HEPA filters reduce infection incidences for immuno-compromised and other high-risk patients at rate of 99.97% (MHS). They will also contribute to the achievement of LEED IEQ Credit 5.

Utilizing low-flow fixtures is also a challenge because of infection control. Laminar flow is needed to prevent bacteria, and potable water is being used for irrigation only due to EBD principles.

“Designing sustainable hospitals can be challenging, mainly because hospitals are already highly regulated facilities,” explained Berger. For example, installing low-flow faucets throughout the hospital was an issue because of infection control.

Once the hospital opens, educational programs will be in place for visitors, staff and the community to learn about the sustainable systems used in the facility. Many of the educational program components are under development right now.

The hospital’s construction phase, managed by the Norfolk, Va., District of the U.S. Army Corps of Engineers, is expected to be completed in late summer 2011. At this time, construction of the 2.7 million-sq.ft. facility is approximately 50% completed. Once finished, the facility will be turned over to the U.S. Army Medical Command to staff and equip for subsequent operation.

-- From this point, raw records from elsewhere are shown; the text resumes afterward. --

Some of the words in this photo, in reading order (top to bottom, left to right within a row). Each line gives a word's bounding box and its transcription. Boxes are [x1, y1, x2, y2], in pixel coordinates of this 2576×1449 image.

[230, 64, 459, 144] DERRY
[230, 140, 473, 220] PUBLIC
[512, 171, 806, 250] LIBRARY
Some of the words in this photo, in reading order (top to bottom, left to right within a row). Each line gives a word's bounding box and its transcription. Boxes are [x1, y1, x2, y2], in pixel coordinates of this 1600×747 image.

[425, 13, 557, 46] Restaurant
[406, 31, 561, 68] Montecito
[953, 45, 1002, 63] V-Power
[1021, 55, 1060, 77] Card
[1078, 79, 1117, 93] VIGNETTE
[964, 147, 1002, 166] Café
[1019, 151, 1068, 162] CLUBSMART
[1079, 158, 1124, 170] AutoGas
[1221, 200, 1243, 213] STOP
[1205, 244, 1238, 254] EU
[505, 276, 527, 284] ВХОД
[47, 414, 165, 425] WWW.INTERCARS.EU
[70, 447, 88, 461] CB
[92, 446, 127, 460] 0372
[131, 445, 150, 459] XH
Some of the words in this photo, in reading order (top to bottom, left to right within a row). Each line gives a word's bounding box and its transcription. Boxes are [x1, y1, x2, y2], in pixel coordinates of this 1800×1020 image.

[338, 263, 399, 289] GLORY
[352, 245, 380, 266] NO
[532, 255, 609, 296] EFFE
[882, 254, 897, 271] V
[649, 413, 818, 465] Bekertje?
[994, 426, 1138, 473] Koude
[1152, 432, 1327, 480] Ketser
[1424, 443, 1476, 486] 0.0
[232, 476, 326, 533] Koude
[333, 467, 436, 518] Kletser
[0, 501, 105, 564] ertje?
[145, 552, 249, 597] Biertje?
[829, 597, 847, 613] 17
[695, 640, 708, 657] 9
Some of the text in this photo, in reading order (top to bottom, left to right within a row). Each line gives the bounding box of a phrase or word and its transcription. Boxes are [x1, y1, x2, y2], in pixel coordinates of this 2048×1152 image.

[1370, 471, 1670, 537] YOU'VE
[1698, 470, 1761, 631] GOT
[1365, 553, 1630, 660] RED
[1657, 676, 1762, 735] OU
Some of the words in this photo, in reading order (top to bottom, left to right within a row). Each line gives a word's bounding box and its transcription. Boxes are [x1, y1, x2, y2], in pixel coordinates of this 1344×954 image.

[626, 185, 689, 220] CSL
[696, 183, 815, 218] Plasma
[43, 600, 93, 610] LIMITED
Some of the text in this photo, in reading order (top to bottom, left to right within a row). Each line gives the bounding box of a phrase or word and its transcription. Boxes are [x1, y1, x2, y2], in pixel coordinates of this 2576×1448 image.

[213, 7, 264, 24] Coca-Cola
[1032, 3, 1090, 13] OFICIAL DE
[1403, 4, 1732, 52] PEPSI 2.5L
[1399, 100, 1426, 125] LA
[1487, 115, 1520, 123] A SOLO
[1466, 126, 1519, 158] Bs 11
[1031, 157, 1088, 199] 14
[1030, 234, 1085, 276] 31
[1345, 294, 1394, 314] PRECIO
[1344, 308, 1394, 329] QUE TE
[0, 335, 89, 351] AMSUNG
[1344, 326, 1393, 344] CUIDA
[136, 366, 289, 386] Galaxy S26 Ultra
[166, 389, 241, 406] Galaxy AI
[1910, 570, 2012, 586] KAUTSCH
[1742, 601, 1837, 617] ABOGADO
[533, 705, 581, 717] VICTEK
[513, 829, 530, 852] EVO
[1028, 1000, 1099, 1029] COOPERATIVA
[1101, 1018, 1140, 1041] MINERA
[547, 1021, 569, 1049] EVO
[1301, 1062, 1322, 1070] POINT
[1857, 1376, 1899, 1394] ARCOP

The hospital will be part of an integrated health care network providing medical services to the nation’s wounded soldiers and their families. The hospital is one piece of a realignment designed to increase hospital and outpatient care to all service members and veterans under BRAC 2005. Other elements of the health care network include the realignment of Walter Reed Army Medical Center and the Naval National Medical Center in Bethesda, Md.